|Your account||Today's news index||Weather||Traffic||Movies||Restaurants||Today's events|
Tuesday, August 10, 2004 - Page updated at 12:00 A.M.
Southeast Iowa becomes a Mecca for meditation
By Kari Lydersen
"Some people think TM is some kind of cult or devil worship," he said. "I thought it might be negative for my business, that customers would freak out."
Things turned out just the opposite.
With much lower overhead, he found revenue for Cambridge Investment Research rising from one year to the next. He went from a gross revenue of about $500,000 a year in the D.C. area to more than $50 million in 2002. The magazine Investment Advisor named him broker-dealer of the year in 2003.
He credits Transcendental Meditation, which he began practicing as a freshman at Amherst College in 1971, for fueling his success.

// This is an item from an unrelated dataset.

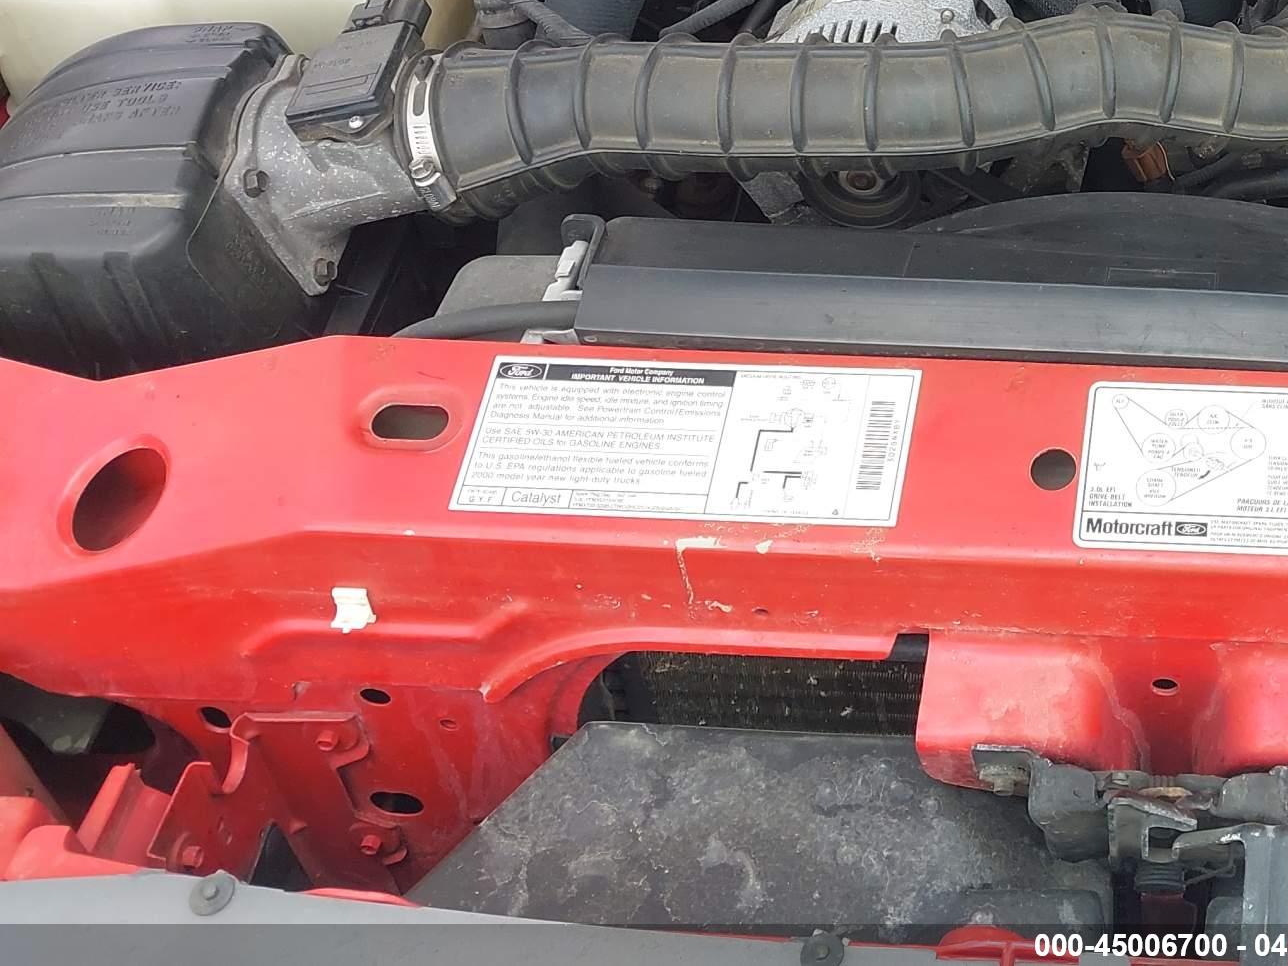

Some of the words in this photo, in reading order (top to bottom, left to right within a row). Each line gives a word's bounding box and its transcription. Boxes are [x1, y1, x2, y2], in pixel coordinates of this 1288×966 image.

"Even if investors or customers aren't interested in TM, they are attracted to the fact that I moved here to do this, that I'm concerned about more than just making money or having an ocean view," said Schwartz, who is considering changing his title from chief executive to chief spiritual officer. "That's the kind of business they want to be involved with."
Many other people in Vedic City and neighboring Fairfield feel the same way. The community founded by followers of the Maharishi Mahesh Yogi, the Beatles' meditation guru, has become an entrepreneurial Mecca of the Midwest.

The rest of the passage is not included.